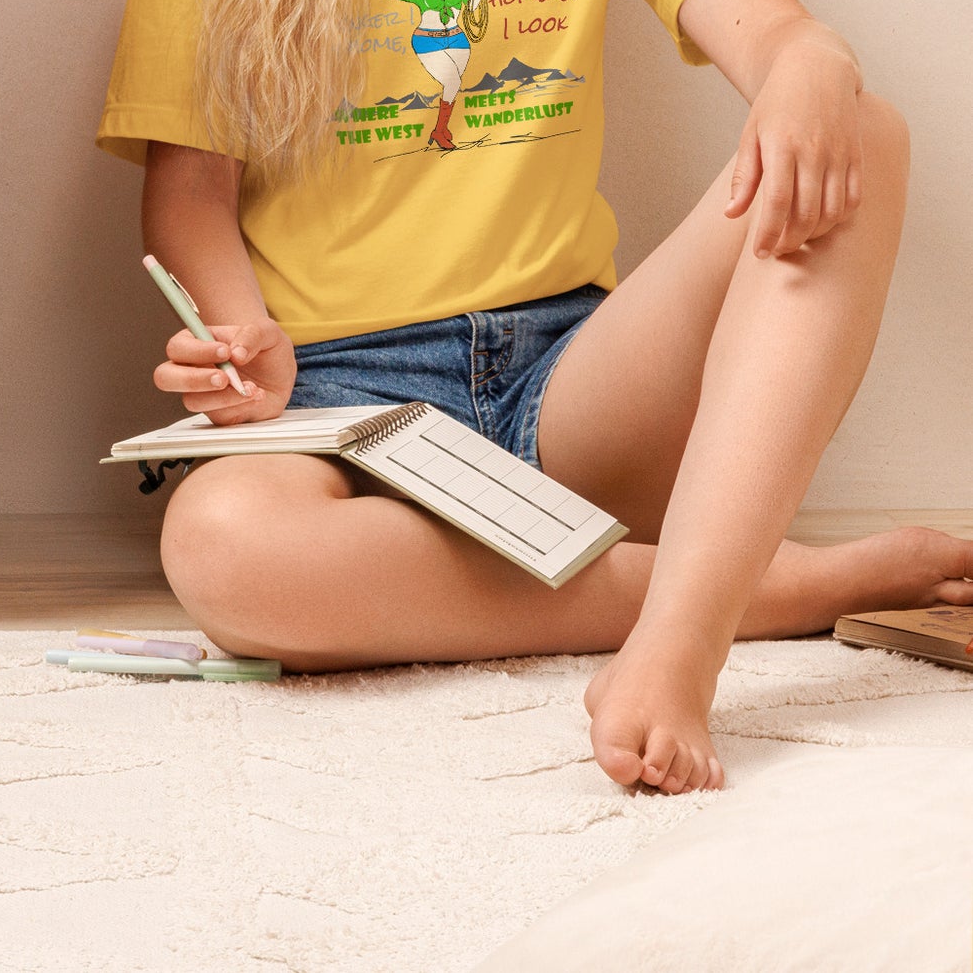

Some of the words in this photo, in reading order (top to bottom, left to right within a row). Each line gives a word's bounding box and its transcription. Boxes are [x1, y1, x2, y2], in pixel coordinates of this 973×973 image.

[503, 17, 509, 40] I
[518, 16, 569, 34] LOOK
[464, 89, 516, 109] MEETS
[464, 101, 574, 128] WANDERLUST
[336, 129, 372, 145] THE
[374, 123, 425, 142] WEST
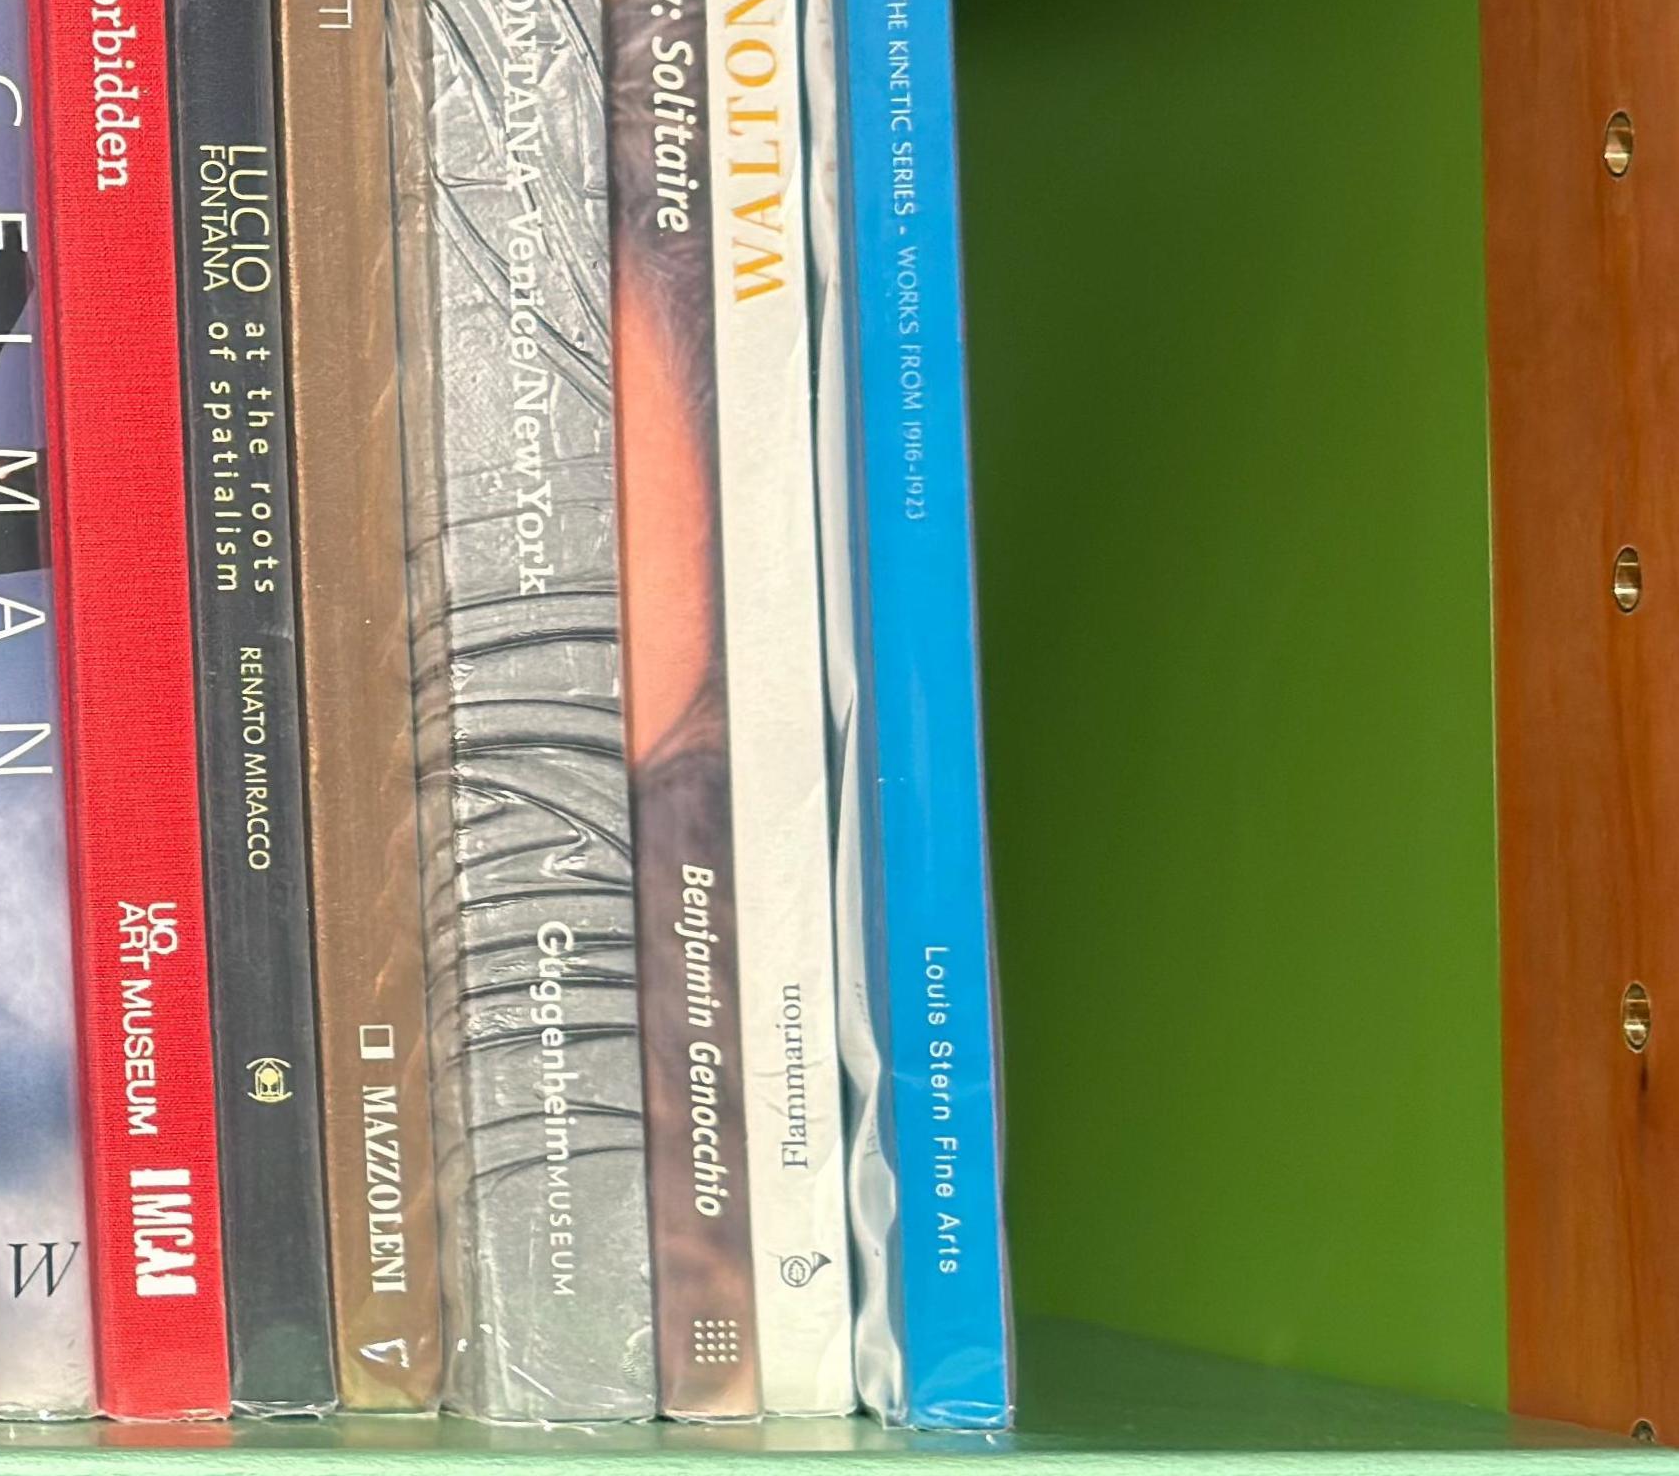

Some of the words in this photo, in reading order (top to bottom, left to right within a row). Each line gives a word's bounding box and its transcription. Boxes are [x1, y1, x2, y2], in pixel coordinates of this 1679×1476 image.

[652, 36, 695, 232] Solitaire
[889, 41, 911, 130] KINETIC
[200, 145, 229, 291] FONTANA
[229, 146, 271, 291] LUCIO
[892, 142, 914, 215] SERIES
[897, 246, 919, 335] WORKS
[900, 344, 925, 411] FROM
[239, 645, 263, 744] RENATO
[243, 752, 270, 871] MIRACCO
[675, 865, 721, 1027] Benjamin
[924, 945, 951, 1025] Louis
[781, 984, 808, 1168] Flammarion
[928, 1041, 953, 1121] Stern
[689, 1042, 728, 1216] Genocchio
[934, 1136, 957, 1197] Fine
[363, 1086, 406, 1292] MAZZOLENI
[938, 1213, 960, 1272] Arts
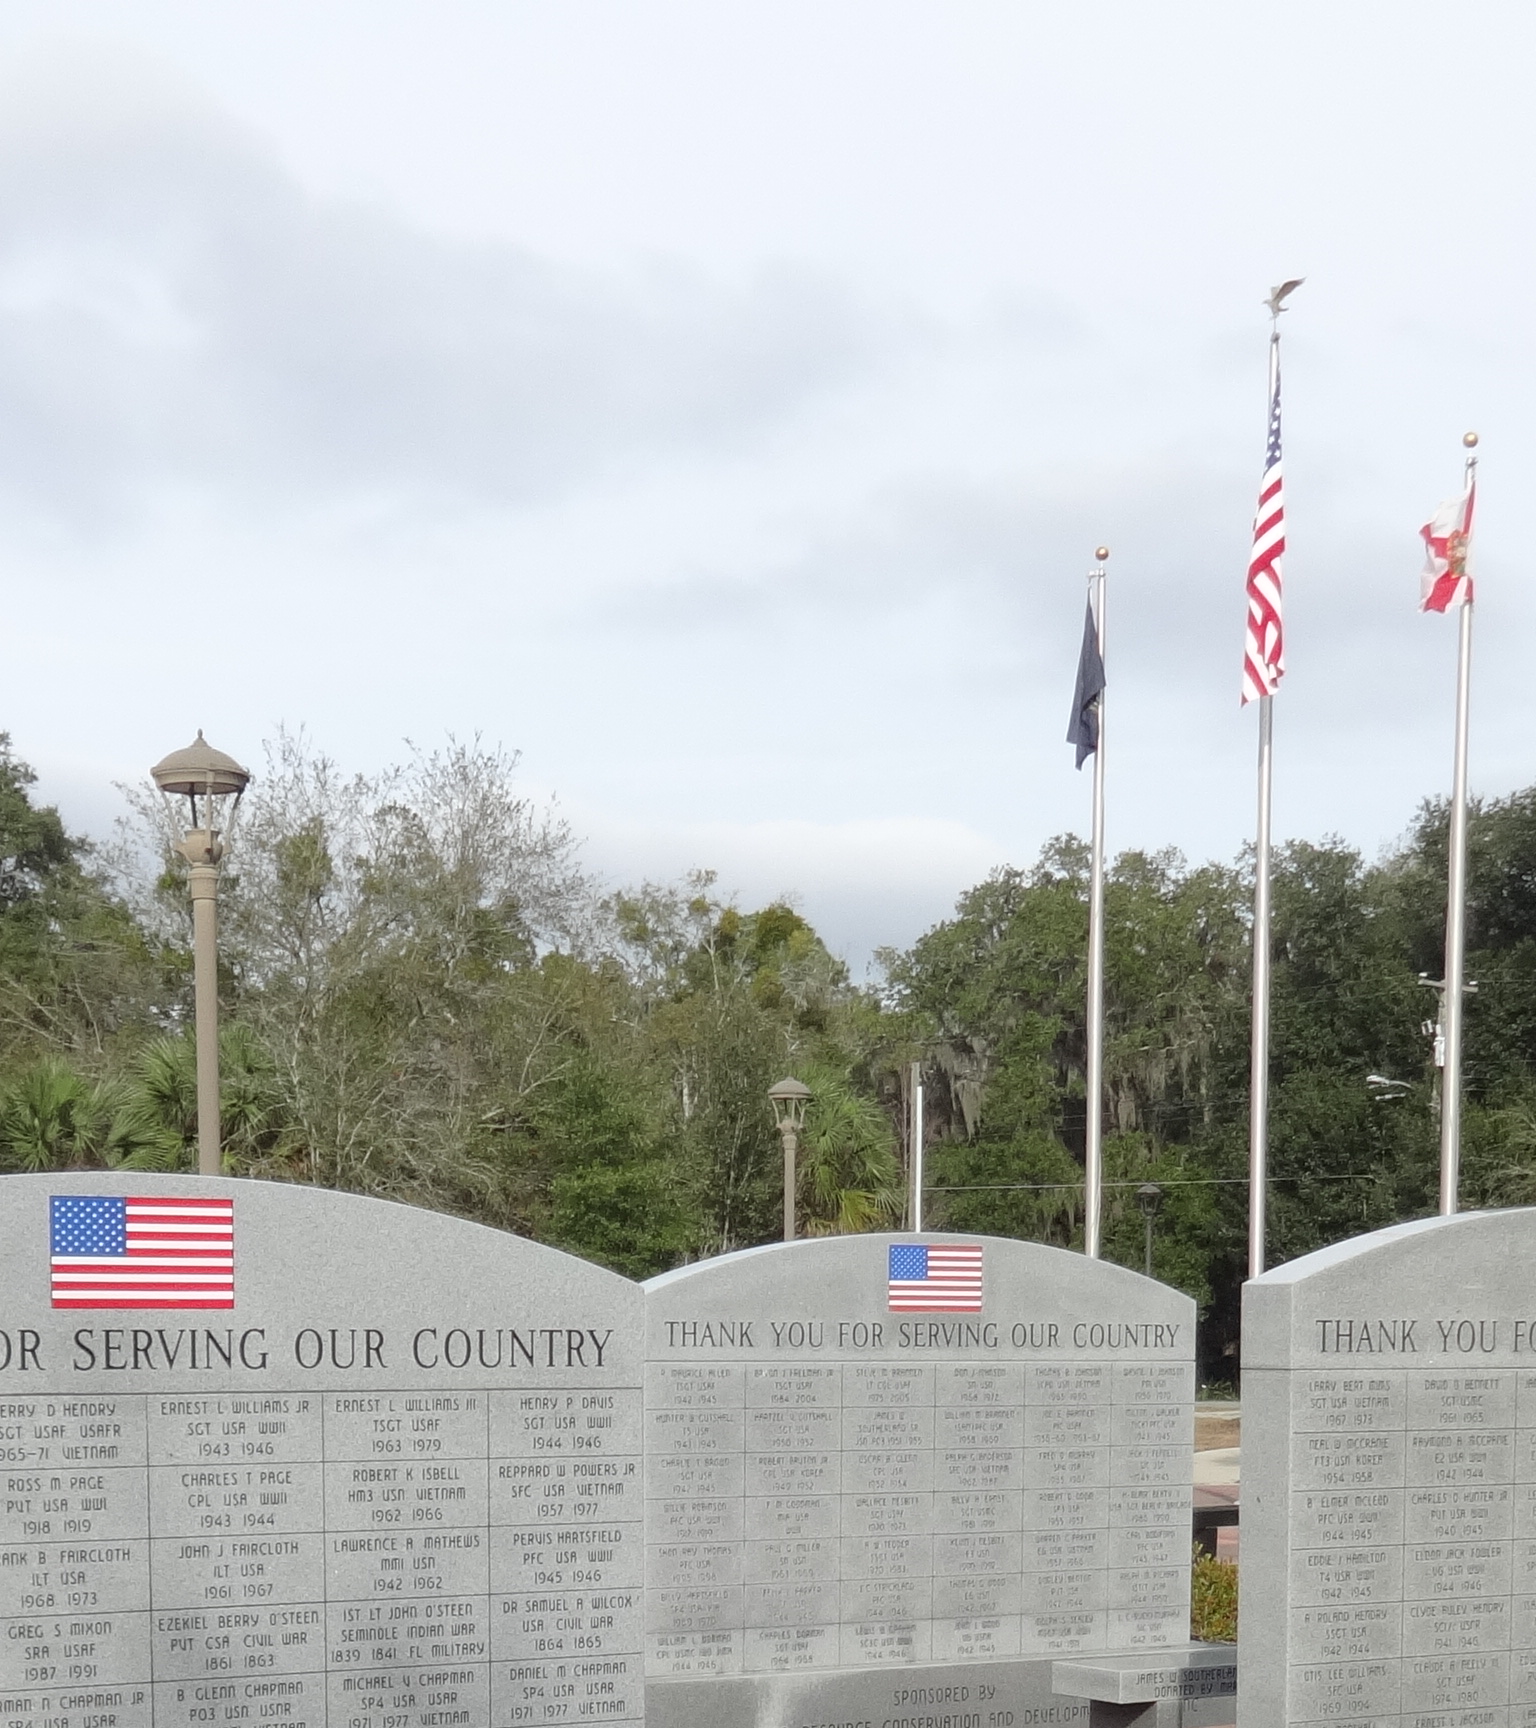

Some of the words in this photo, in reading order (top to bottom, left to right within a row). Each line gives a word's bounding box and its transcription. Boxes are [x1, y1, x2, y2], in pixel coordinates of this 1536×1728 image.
════════════════
PROBLEM DETAILS: Once the pictures are set aside, repeat each entry exactly as it stands.

SOLUTION TO THIS PROBLEM:
Some of the words in this photo, in reading order (top to bottom, left to right within a row). Each line gives a word's bounding box and its transcription. Boxes are [x1, y1, x2, y2], in pixel coordinates of this 973×973 image.

[503, 17, 509, 40] I
[518, 16, 569, 34] LOOK
[464, 89, 516, 109] MEETS
[464, 101, 574, 128] WANDERLUST
[336, 129, 372, 145] THE
[374, 123, 425, 142] WEST

Some of the words in this photo, in reading order (top to bottom, left to right within a row). Each line gives a word's bounding box and its transcription. Boxes are [x1, y1, x2, y2], in pixel coordinates of this 1679×1476 image.

[652, 36, 695, 232] Solitaire
[889, 41, 911, 130] KINETIC
[200, 145, 229, 291] FONTANA
[229, 146, 271, 291] LUCIO
[892, 142, 914, 215] SERIES
[897, 246, 919, 335] WORKS
[900, 344, 925, 411] FROM
[239, 645, 263, 744] RENATO
[243, 752, 270, 871] MIRACCO
[675, 865, 721, 1027] Benjamin
[924, 945, 951, 1025] Louis
[781, 984, 808, 1168] Flammarion
[928, 1041, 953, 1121] Stern
[689, 1042, 728, 1216] Genocchio
[934, 1136, 957, 1197] Fine
[363, 1086, 406, 1292] MAZZOLENI
[938, 1213, 960, 1272] Arts

Some of the words in this photo, in reading order (top to bottom, left to right within a row). Each line gives a word's bounding box and its transcription. Boxes are [x1, y1, x2, y2], in pixel coordinates of this 1536×1728 image.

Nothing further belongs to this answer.